Sehubungan dengan sikap pantang dikhianati itu, orang Aceh juga sangat benci pada perilaku ambivalen (bermuka dua.) alias munafik. “Munafek diluwa beei bu, di dalam beei ek!” (Munafik, di luar manis, di dalam bengis), begitu kecaman pepatah Aceh terhadap orang yang bertindak sebagai “gunting dalam lipatan”.

Gigih Berusaha

Kekukuhan jiwa yang pantang menyerah tercermin dalam ungkapan peribahasa lainnya : Allah keu T’uhan, Muhammad keu Nabi-laen beurang ri hana lon taba!” (Hanya Allah beserta Nabi Muhammad SAW yang patut ditakuti, sedangkan makhluk lainnya: “kecil semua!”). Petuah lain yang bernada sama, bunyinya : “Nibak puteh mata bah puteh tuleueng, bahle teugageueng dalam blang raya!” (dari pada hidup bercerminkan bangkai, lebih baik mati berkalang tanah; – biarlah syahid di medan juang). Hadih Maja lainnya yang senada menyebutkan : “Bak sampe lagei nyan malee, na nyuem talob lam tanoh!” (bila memalukan sampai begitu, rasa-rasanya kita lebih baik mati saja!).

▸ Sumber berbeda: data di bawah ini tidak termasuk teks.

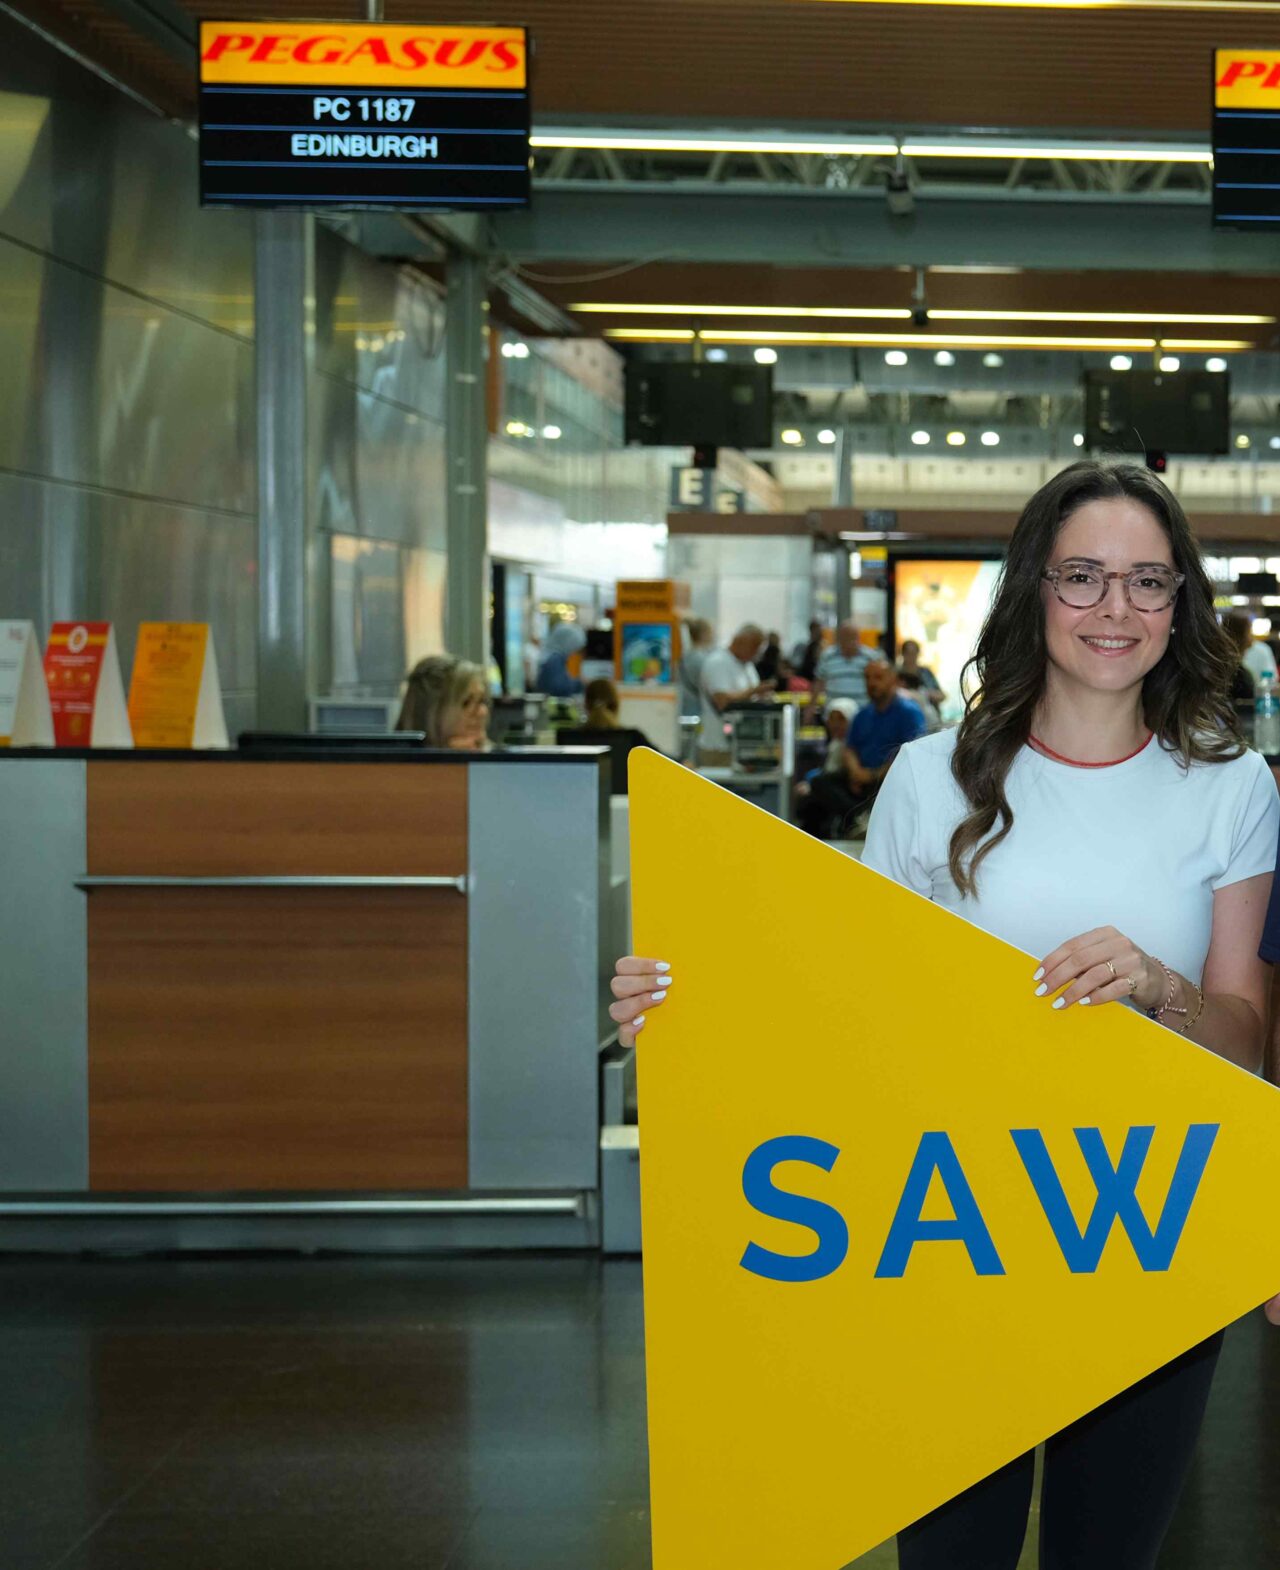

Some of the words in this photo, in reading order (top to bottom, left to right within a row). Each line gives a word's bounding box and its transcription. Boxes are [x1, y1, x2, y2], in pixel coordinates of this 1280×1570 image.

Ketiga petuah “pantang” tersebut di atas, mengisyaratkan bahwa hidup tanpa memiliki wibawa atau harga diri, tidak jauh bedanya dengan mati sebelum mati!”. Pesan yang tersirat di dalamnya; yakni sepantasnyalah manusia Aceh selalu gigih berusaha mengejar prestasi dan prestise; sebagai simbol harga diri atau wibawa.

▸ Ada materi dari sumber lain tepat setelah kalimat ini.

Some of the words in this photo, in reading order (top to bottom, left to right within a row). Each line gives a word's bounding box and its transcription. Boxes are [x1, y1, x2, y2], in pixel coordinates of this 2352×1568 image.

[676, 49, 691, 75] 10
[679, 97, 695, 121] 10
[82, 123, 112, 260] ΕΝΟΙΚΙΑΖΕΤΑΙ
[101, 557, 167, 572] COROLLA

Begitulah, zaman Perang Aceh melawan Belanda telah membentuk watak manusia Aceh masa itu; baik yang positif maupun negatif. Betapa tidak!. Zaman itu penuh dengan rentetan keresahan, penipuan, sabotase, gelisah, berkabung, teror, kecewa; dan kesusahan-kesusahan lainnya yang terus menerus dialami orang Aceh. Hidup pun tidak lagi di kampung sendiri, tetapi sebagai pengungsi berpindah-pindah menjauhi teror Belanda. Bagi yang menetap di kampung pun hidup penuh derita, karena semua dinding rumah telah dirusakkan Belanda, Memasang kembali dinding rumah sangat dilarang, karena Belanda sangat takut terhadap gerilyawan Muslimin Aceh yang menerkam mereka dari balik pintu atau dinding. Akibatnya, hiduplah para anggota keluarga Muslimin Aceh dalam kedinginan malam dan kelaparan.

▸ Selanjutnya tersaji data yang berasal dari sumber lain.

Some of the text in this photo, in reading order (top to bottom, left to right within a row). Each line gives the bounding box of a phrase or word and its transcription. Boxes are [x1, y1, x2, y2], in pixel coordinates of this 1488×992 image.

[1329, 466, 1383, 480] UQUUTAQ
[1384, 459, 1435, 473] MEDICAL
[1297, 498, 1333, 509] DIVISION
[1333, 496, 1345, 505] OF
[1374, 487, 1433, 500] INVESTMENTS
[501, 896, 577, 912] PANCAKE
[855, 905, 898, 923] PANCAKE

Trauma psikologis itu, bukan hanya dirasakan manusia Aceh yang telah dewasa (yang mungkin ikut terlibat langsung dalam kancah pertempuran), tetapi juga tertancap pula di hati atau benak anak-anak yang berusia menjelang remaja dan “balita”, bahkan mungkin pula sampai mempengaruhi janin bayi (nuthfah) – calon manusia Aceh yang “bersembunyi” dalam rahim ibunya. Perkiraan ini bukan sekedar “isapan jempol”?. Betapa tidak!. Bagaimana perasaan kita; bila ayah, ibu, paman, anak, bibi, cucu; atau keluarga dekat lainnya dicincang lumat-lumat (dibunuh) musuh di depan mata kita sendiri!!!.

 

Penyakit hati

Suasana krisis dengan keadaan kehidupan separah itu,menteror kebebasan orang Aceh puluhan tahun lamanya. Menurut beberapa sejarawan Belanda, Perang Aceh berlangsung tahun 1873-1904. Maka pantaslah, jika suasana kejam itu menurunkan efek sampingan; baik negatif maupun positif kepada orang Aceh.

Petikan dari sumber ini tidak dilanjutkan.